Dans l’affaire actuelle (C‑348/13), la technique utilisée est la "transclusion" ("framing") qui permet d’intégrer sur un site une vidéo récupérée d’un autre site, dans ce cas la plate-forme vidéo "You Tube". Deux agents commerciaux avaient intégré en 2010 sur leurs sites une vidéo de la société allemande BestWater International, qui fabrique et commercialise des systèmes de filtre à eau, sur le thème de la pollution des eaux. Cette vidéo, dont la société détient les droits d’exploitation exclusifs, était consultable sur You Tube sans le consentement de BestWater. La société considère que les agents, qui opéraient pour une entreprise concurrente, ont mis le film à la disposition du public sans son autorisation et violé ainsi ses droits d’auteur.
Saisie de l’affaire, la Cour fédérale allemande de Karlsruhe demandait à la CJUE si la transclusion (ou incrustation) sur un site Internet d’une œuvre librement consultable sur un autre site peut être qualifiée de "communication au public", de telle sorte que l’autorisation préalable du titulaire de droit serait nécessaire. Pour rappel, la Directive 2001/29/CE sur l’harmonisation de certains aspects du droit d’auteur et des droits voisins dans la société de l’information dispose que "les États membres prévoient pour les auteurs le droit exclusif d'autoriser ou d'interdire toute communication au public de leurs œuvres, par fil ou sans fil".
Or, pour pouvoir considérer qu’il y a "communication au public", il faut que l’œuvre protégée soit communiquée selon un mode technique spécifique différent de celui de la communication d’origine ou bien soit adressée à un public nouveau, estime la Cour dans son ordonnance. Vu que la vidéo était déjà librement consultable sur un autre site, il n’est donc pas possible de considérer qu’une œuvre est communiquée à un public nouveau, juge la Cour. Elle conclut que la transclusion (ou incrustation) sur un site Internet d’une œuvre librement consultable sur un autre site ne peut pas être qualifiée de "communication au public" et ne nécessite ainsi pas l’autorisation préalable du titulaire de droit.

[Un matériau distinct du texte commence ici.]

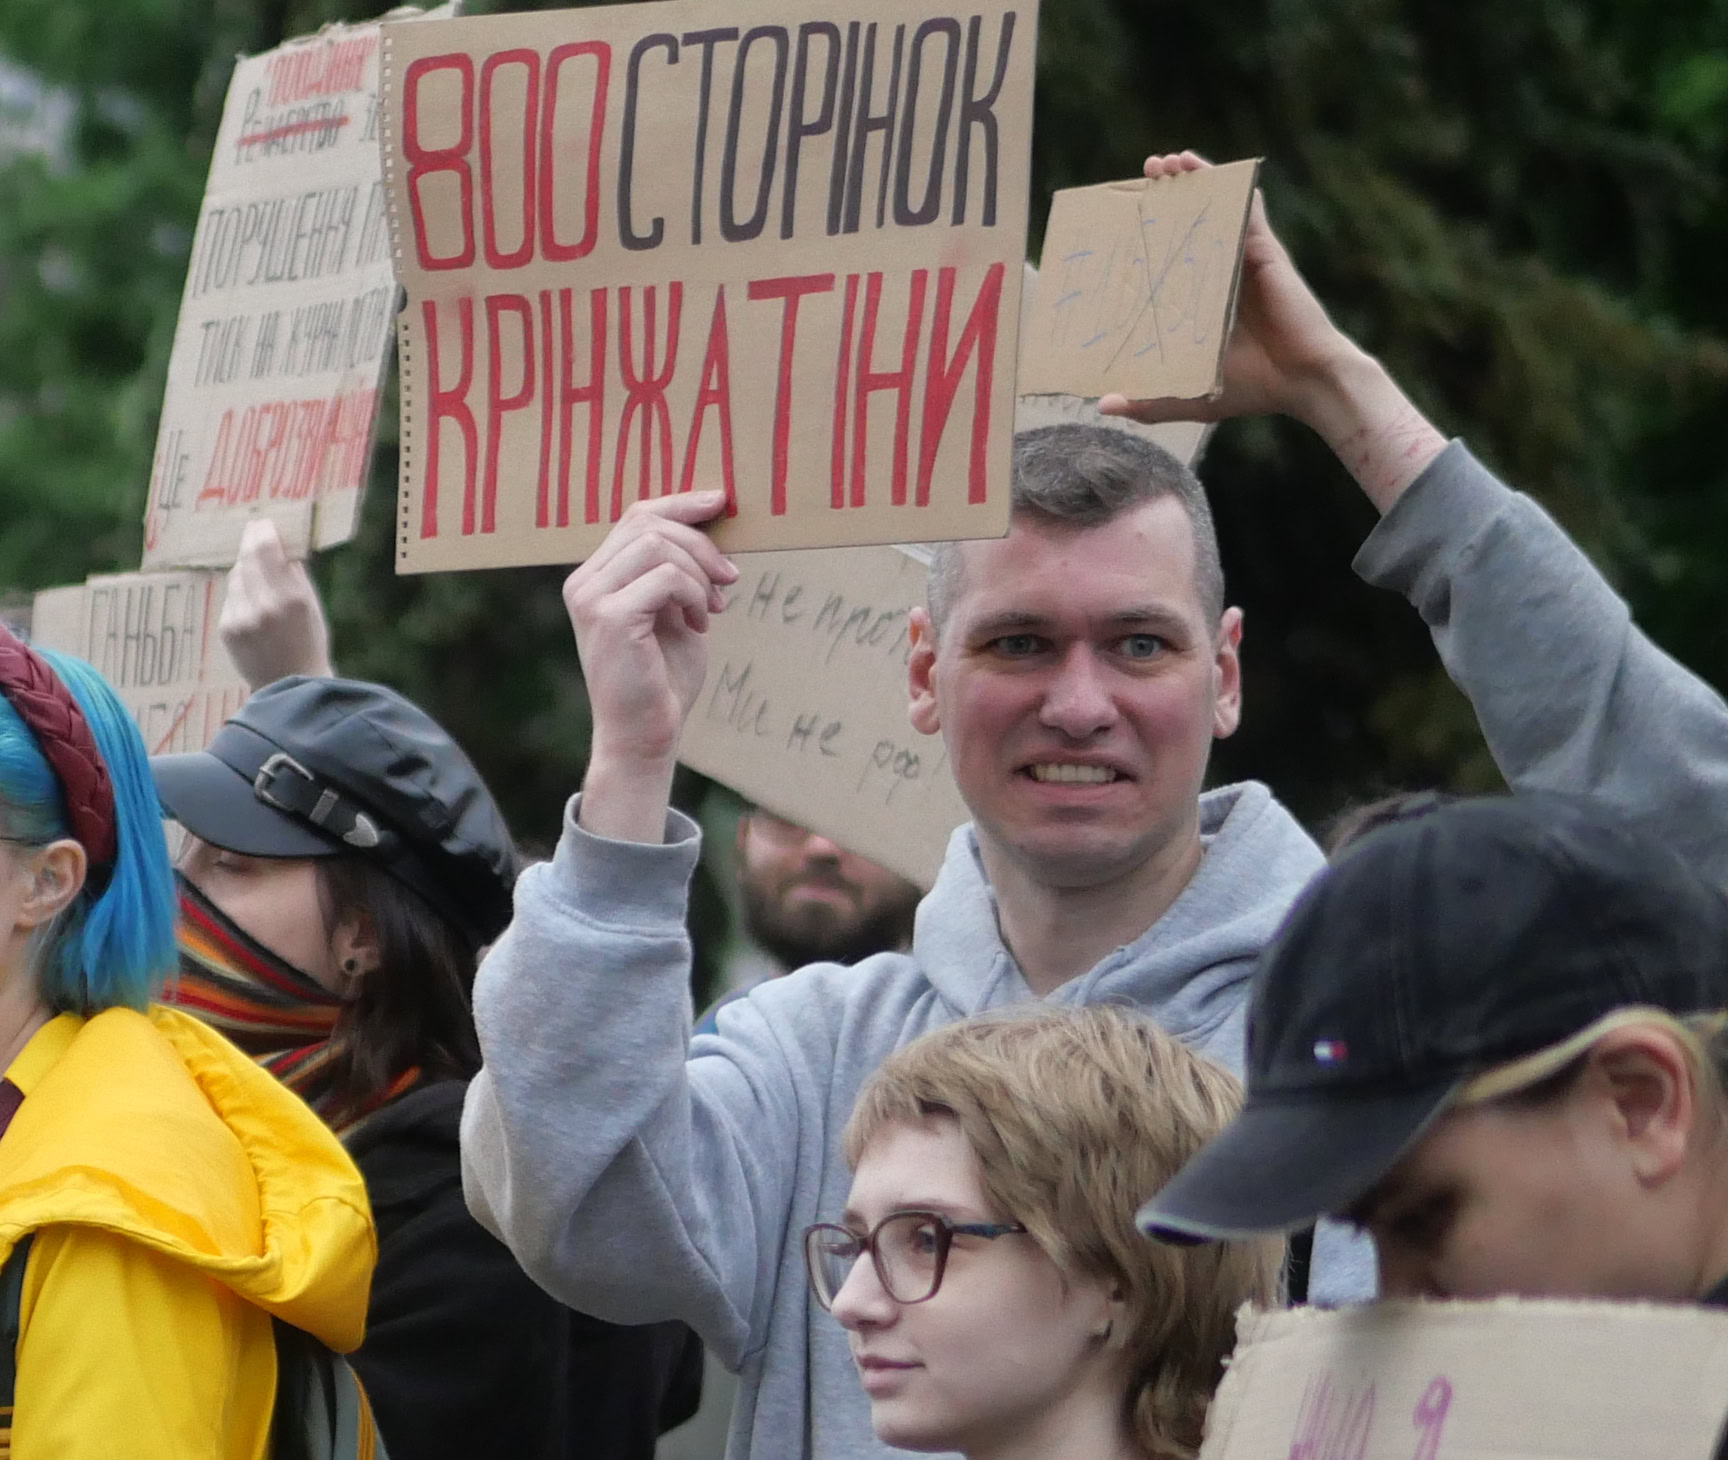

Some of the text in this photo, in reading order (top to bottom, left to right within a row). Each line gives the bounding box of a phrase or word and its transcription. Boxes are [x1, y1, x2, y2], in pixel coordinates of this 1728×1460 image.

[402, 10, 1017, 272] 800 СТОРІНОК
[419, 262, 1006, 539] КРІНЖАТІНИ

La Cour rappelle que cette décision vaut même si les Internautes ont l’impression que l’œuvre est montrée depuis le site qu’ils consultent, alors qu’elle provient en réalité d’un autre site, puisque telle est exactement la caractéristique de la technique de "transclusion" : incruster dans un site un lien provenant d’un autre site sans que les Internautes n’aient forcément conscience de l’origine de ce lien.